The bill also includes $500 billion in aid to airlines and other large corporations that have been hurt by a cratering of consumer demand amid the crisis. Much of the money would be used to backstop loans and other assistance that the Federal Reserve said it plans to extend to companies.

Those programs are in part meant to encourage companies to keep workers on their payrolls. Even if workers are furloughed without pay, the government will essentially step in and assume paying their salaries while the workers continue to be covered by any health insurance provided by their employers.

For workers who lose their jobs, the bill supplies expanded unemployment benefits for up to four months. For many, those payments will match or even exceed the wages they were earning before the outbreak.

The bill also includes a $1,200 payment for each adult — and $500 per child — in households that earn up to $75,000 per year for individuals or $150,000 for couples. The assistance phases out for people who earn more.

Neither Republicans nor Democrats love the bill, which was the product of frenzied negotiations punctuated by often bitter partisan anger. Some liberal groups denounced it as a slush fund for corporations. Some conservatives warned that the large amount of borrowed money it would plow into the economy could stoke rampant inflation.

Business groups celebrated it as a late but necessary intervention, and so did many lawmakers and policy advocates.
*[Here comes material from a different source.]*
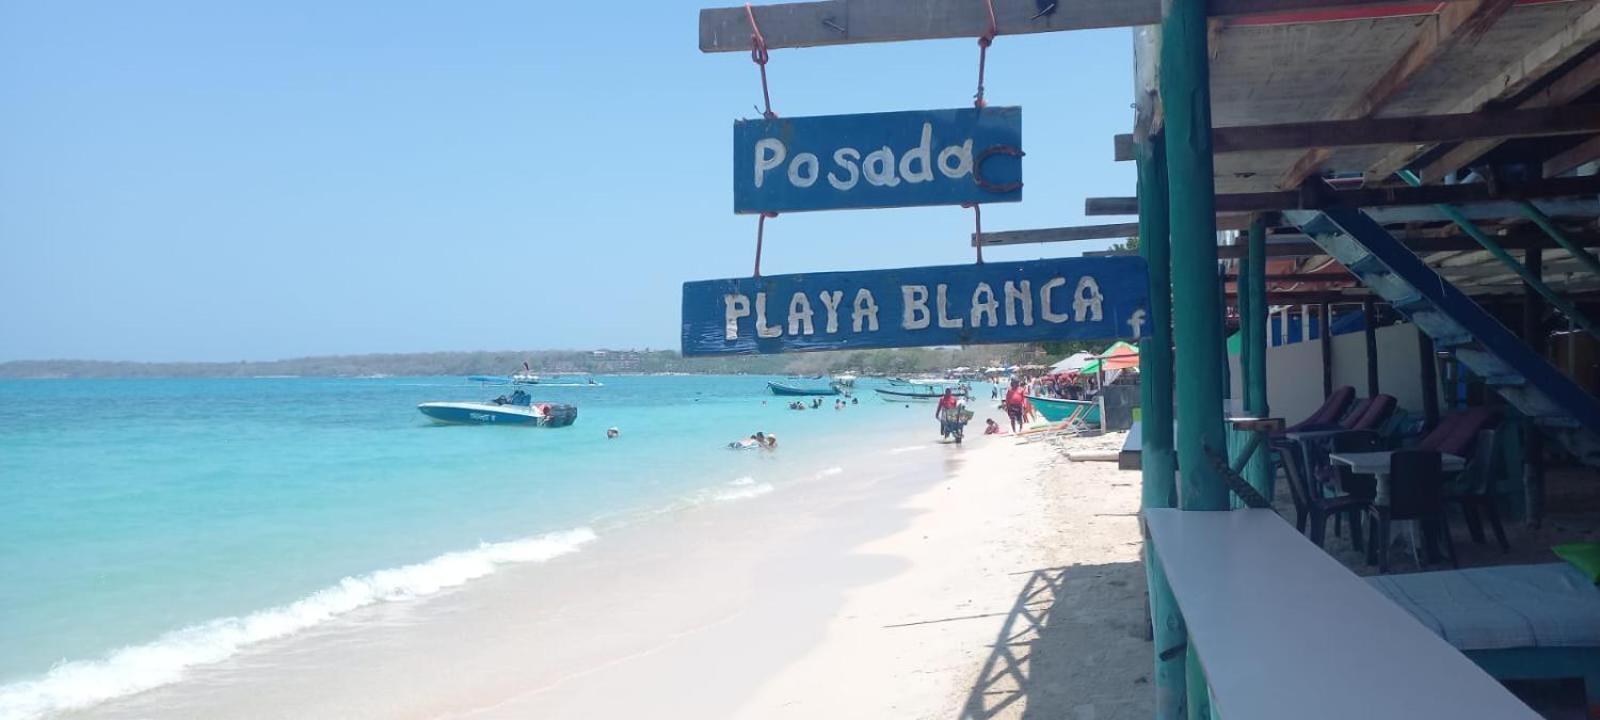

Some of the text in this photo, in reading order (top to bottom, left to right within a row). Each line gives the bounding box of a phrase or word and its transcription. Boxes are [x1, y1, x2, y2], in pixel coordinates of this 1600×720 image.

[753, 122, 974, 190] Posada
[725, 276, 1103, 341] PLAYA BLANCA
“Nothing is perfect around here,” Senator Rob Portman, Republican of Ohio, said in a Tuesday speech on the Senate floor. “But if you make perfect the enemy of the good, you’re going to hurt more people, more small businesses will shut, more people will be out on their own and there will be more and more people who will be infected with this virus who otherwise could have been saved.”

Jacob Leibenluft, a senior fellow at the liberal Center for American Progress, said Congress “will need much more over the coming months, but the crucial thing the bill appears to do is begin providing relief to families and communities through channels that can get it out quickly, like expanded unemployment insurance, direct payments and state aid.”

Policy experts and business lobbyists have been warning for days that congressional failure to reach a deal was causing more companies to shutter and workers to lose their jobs. Some said on Tuesday that lawmakers needed to be ready to start work on another plan to avoid any additional losses if the outbreak effects stretch into summer and fall.

“Much of the small business community is facing an extinction-level event,” said John Lettieri, the chief of the Economic Innovation Group think tank in Washington, who pushed heavily for a package of small business loans in the agreement. “Will this bill help? Absolutely. But the lending capacity needed to prevent mass closures and layoffs could be four or five times larger than what is being provided.”

“Congress,” Mr. Lettieri said, “needs to be prepared now for how quickly these resources are going to evaporate.”